◆ WHAT NEEDS TO BE DONE: All records are to be transcribed in full; any pictures among them are to be skipped.

◆ PROVIDED DATA:

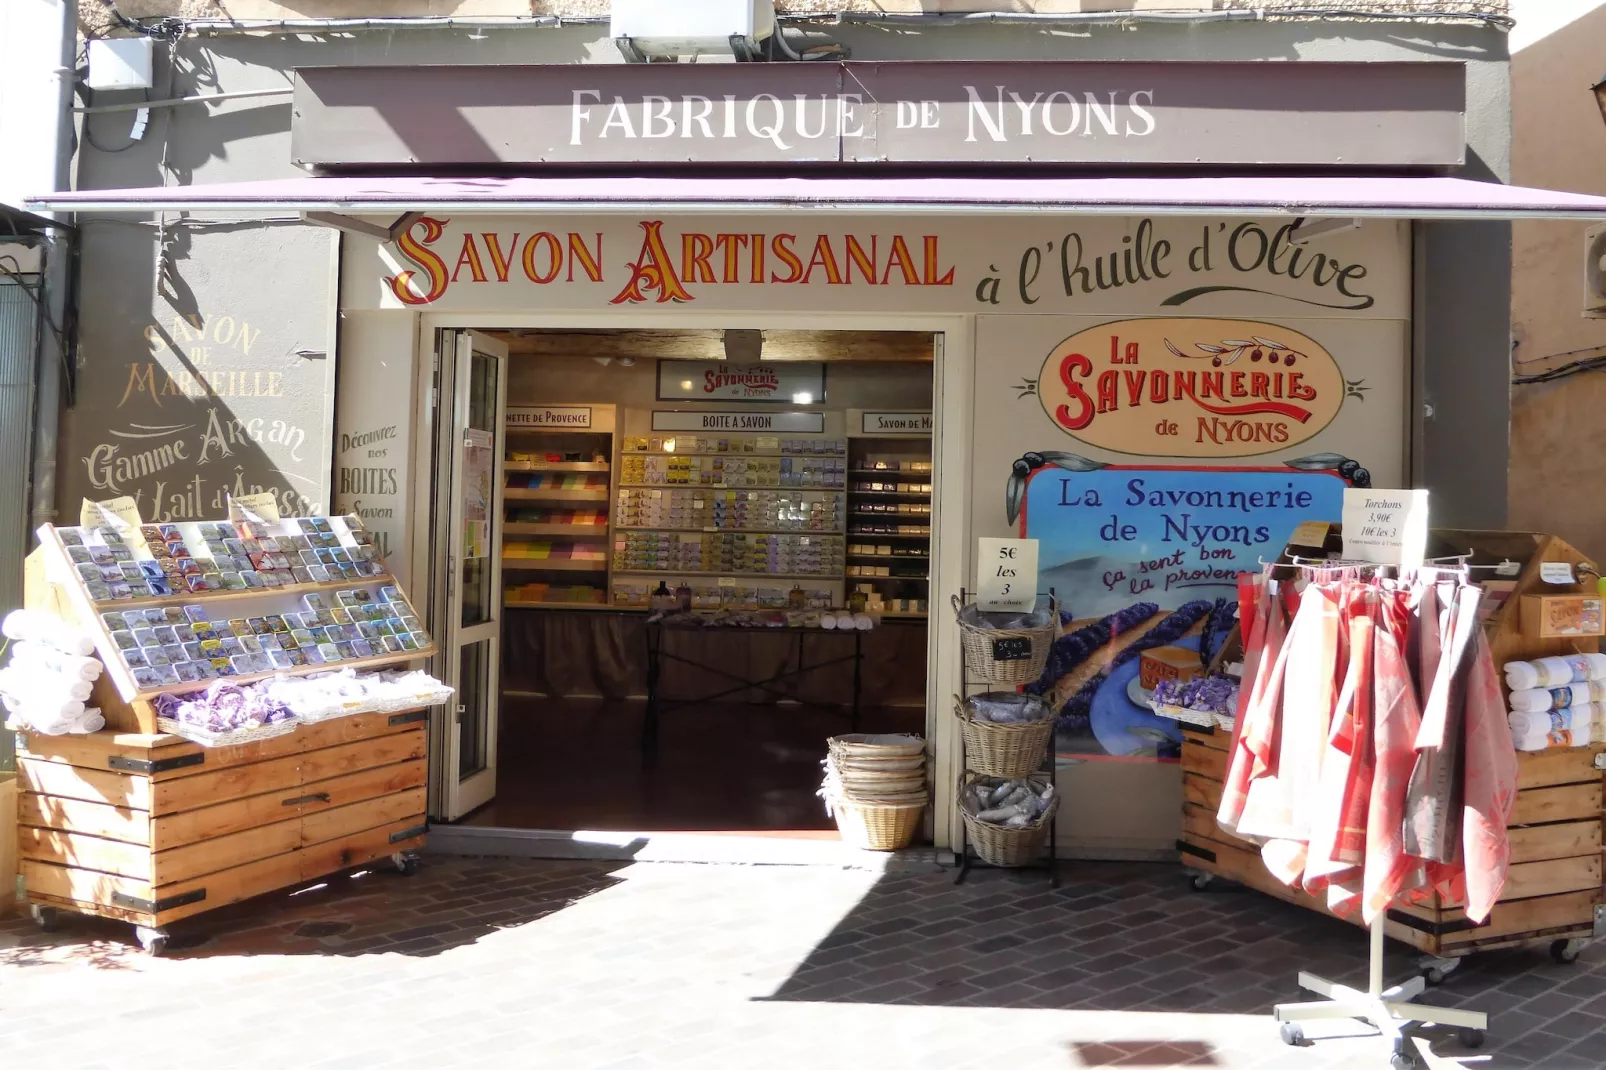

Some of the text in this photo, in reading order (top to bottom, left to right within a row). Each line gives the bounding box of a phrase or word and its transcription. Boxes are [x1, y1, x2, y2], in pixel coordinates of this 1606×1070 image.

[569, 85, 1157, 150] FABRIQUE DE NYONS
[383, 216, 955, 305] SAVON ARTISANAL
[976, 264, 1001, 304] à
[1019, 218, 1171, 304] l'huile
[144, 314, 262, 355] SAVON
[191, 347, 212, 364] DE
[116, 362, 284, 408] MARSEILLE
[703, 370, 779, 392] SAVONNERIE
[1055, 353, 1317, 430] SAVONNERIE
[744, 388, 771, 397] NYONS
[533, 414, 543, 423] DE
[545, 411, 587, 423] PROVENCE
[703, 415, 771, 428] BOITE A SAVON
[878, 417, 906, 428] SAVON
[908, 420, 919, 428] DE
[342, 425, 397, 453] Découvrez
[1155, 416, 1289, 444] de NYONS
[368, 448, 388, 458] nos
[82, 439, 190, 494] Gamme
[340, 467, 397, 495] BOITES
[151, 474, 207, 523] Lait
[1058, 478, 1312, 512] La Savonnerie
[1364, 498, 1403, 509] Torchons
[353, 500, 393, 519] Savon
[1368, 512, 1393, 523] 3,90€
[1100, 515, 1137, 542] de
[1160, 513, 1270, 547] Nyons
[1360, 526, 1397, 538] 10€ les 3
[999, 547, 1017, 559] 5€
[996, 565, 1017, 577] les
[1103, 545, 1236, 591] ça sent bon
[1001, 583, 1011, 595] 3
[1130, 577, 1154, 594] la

◆ FINISHED TASK:
Some of the text in this photo, in reading order (top to bottom, left to right within a row). Each line gives the bounding box of a phrase or word and its transcription. Boxes are [x1, y1, x2, y2], in pixel coordinates of this 1606×1070 image.

[569, 85, 1157, 150] FABRIQUE DE NYONS
[383, 216, 955, 305] SAVON ARTISANAL
[976, 264, 1001, 304] à
[1019, 218, 1171, 304] l'huile
[144, 314, 262, 355] SAVON
[191, 347, 212, 364] DE
[116, 362, 284, 408] MARSEILLE
[703, 370, 779, 392] SAVONNERIE
[1055, 353, 1317, 430] SAVONNERIE
[744, 388, 771, 397] NYONS
[533, 414, 543, 423] DE
[545, 411, 587, 423] PROVENCE
[703, 415, 771, 428] BOITE A SAVON
[878, 417, 906, 428] SAVON
[908, 420, 919, 428] DE
[342, 425, 397, 453] Découvrez
[1155, 416, 1289, 444] de NYONS
[368, 448, 388, 458] nos
[82, 439, 190, 494] Gamme
[340, 467, 397, 495] BOITES
[151, 474, 207, 523] Lait
[1058, 478, 1312, 512] La Savonnerie
[1364, 498, 1403, 509] Torchons
[353, 500, 393, 519] Savon
[1368, 512, 1393, 523] 3,90€
[1100, 515, 1137, 542] de
[1160, 513, 1270, 547] Nyons
[1360, 526, 1397, 538] 10€ les 3
[999, 547, 1017, 559] 5€
[996, 565, 1017, 577] les
[1103, 545, 1236, 591] ça sent bon
[1001, 583, 1011, 595] 3
[1130, 577, 1154, 594] la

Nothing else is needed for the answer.